Omit the images and return the remaining entries unchanged.
Extracted records below:
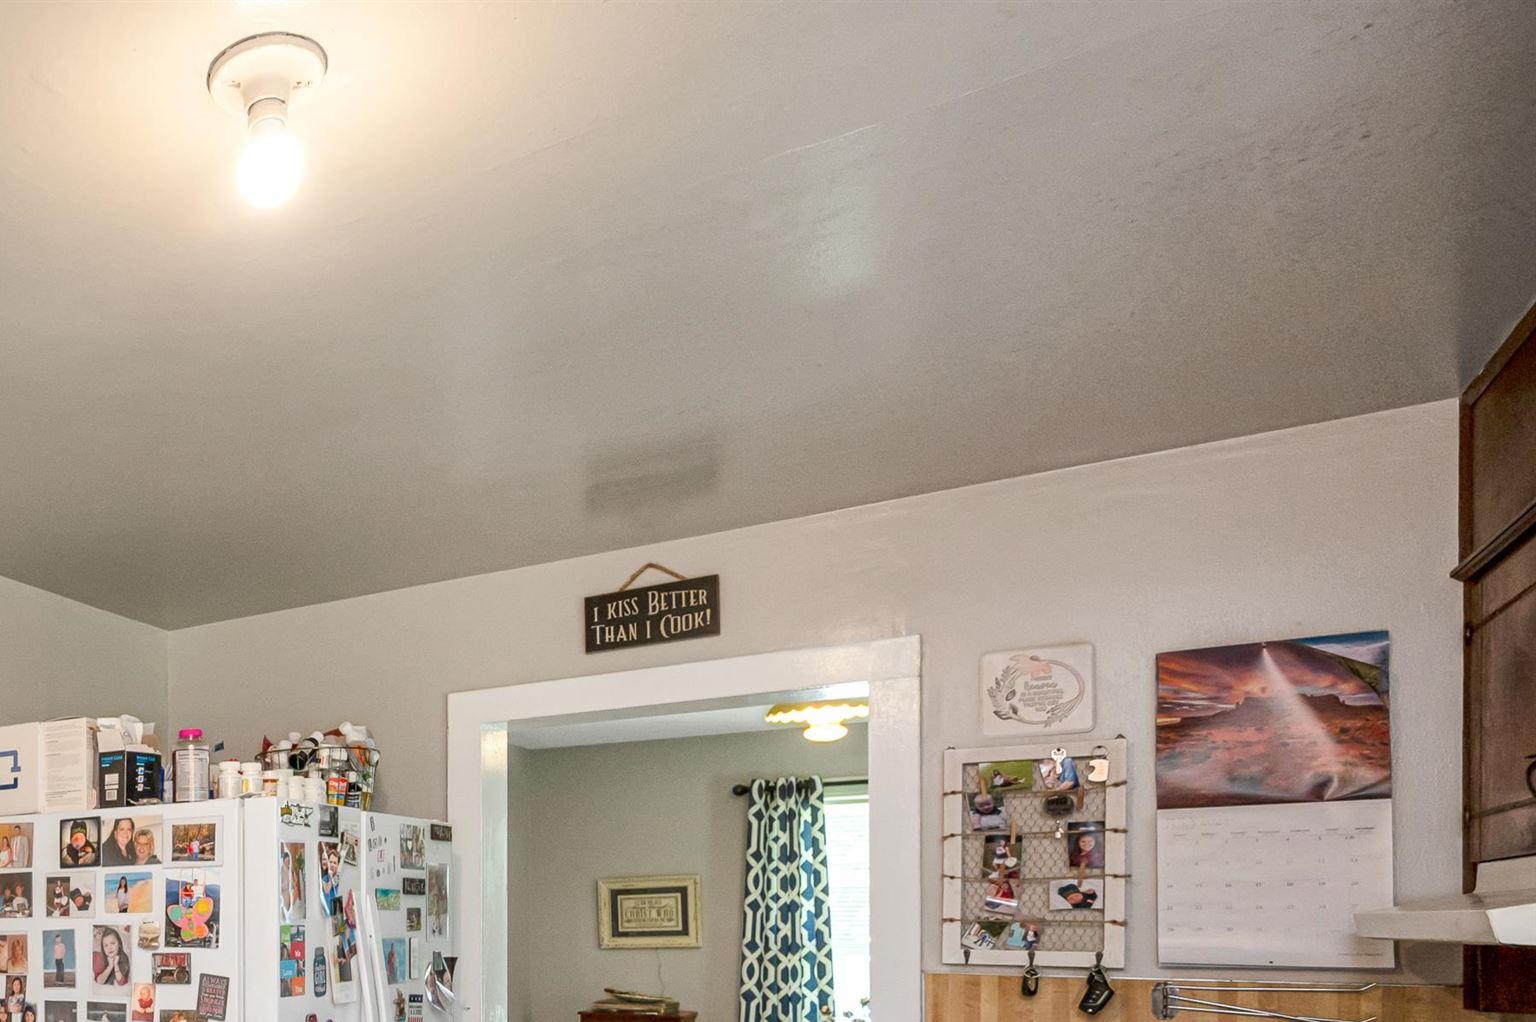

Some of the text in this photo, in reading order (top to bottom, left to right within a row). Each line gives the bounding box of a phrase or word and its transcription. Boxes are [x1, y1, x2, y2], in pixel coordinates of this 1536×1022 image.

[592, 589, 708, 622] I KISS BETTER
[591, 608, 712, 645] THAN I COOK!
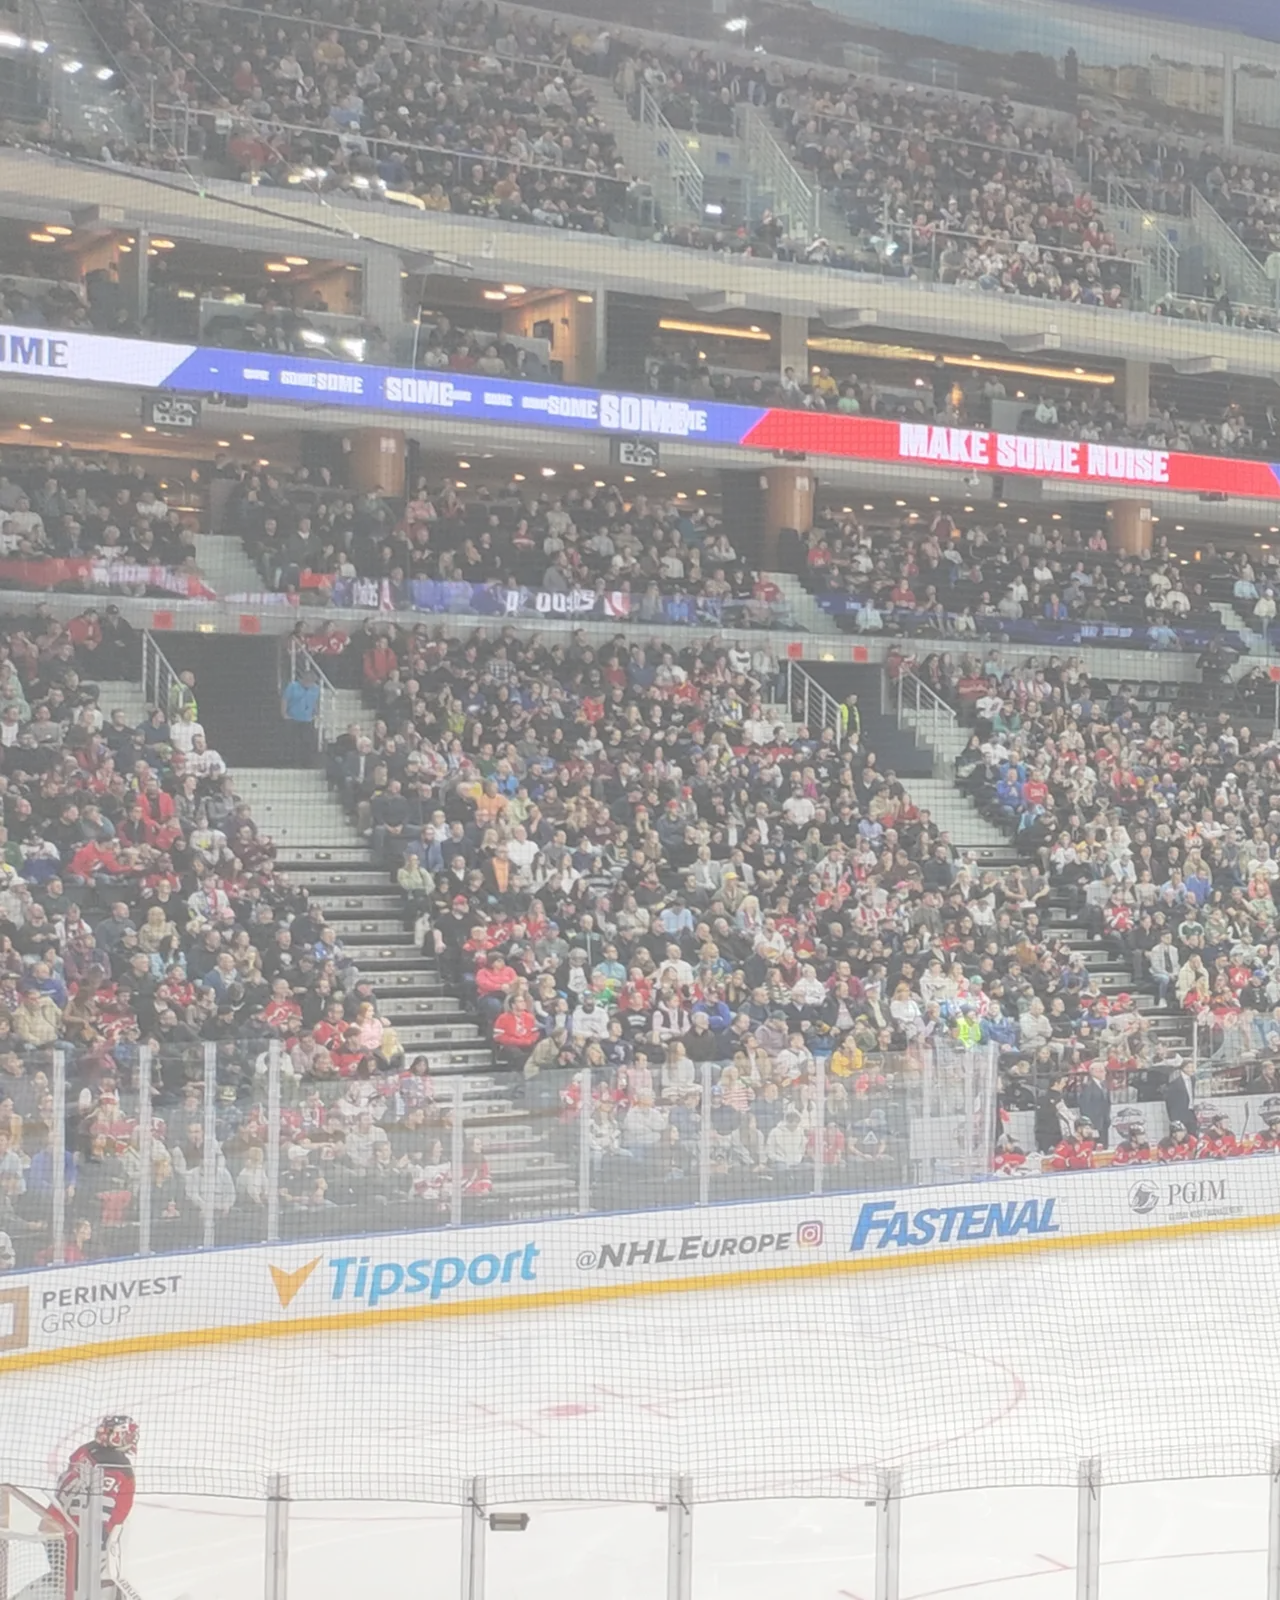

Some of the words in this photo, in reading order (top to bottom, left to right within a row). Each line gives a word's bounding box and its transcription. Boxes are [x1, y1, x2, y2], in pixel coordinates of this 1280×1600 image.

[0, 334, 69, 368] ME
[899, 422, 989, 465] MAKE
[996, 432, 1080, 475] SOME
[1087, 442, 1170, 483] NOISE
[1168, 1179, 1226, 1206] PGIM
[848, 1197, 1061, 1253] FASTENAL
[328, 1240, 541, 1307] Tipsport
[41, 1274, 182, 1310] PERINVEST
[41, 1304, 132, 1334] GROUP
End of Extracted records.
* Written response:
Some of the text in this photo, in reading order (top to bottom, left to right within a row). Each line gives the bounding box of a phrase or word and its transcription. Boxes are [x1, y1, x2, y2], in pixel coordinates of this 1536×1022 image.

[592, 589, 708, 622] I KISS BETTER
[591, 608, 712, 645] THAN I COOK!

Some of the words in this photo, in reading order (top to bottom, left to right within a row). Each line gives a word's bounding box and its transcription. Boxes are [x1, y1, x2, y2], in pixel coordinates of this 1280×1600 image.

[0, 334, 69, 368] ME
[899, 422, 989, 465] MAKE
[996, 432, 1080, 475] SOME
[1087, 442, 1170, 483] NOISE
[1168, 1179, 1226, 1206] PGIM
[848, 1197, 1061, 1253] FASTENAL
[328, 1240, 541, 1307] Tipsport
[41, 1274, 182, 1310] PERINVEST
[41, 1304, 132, 1334] GROUP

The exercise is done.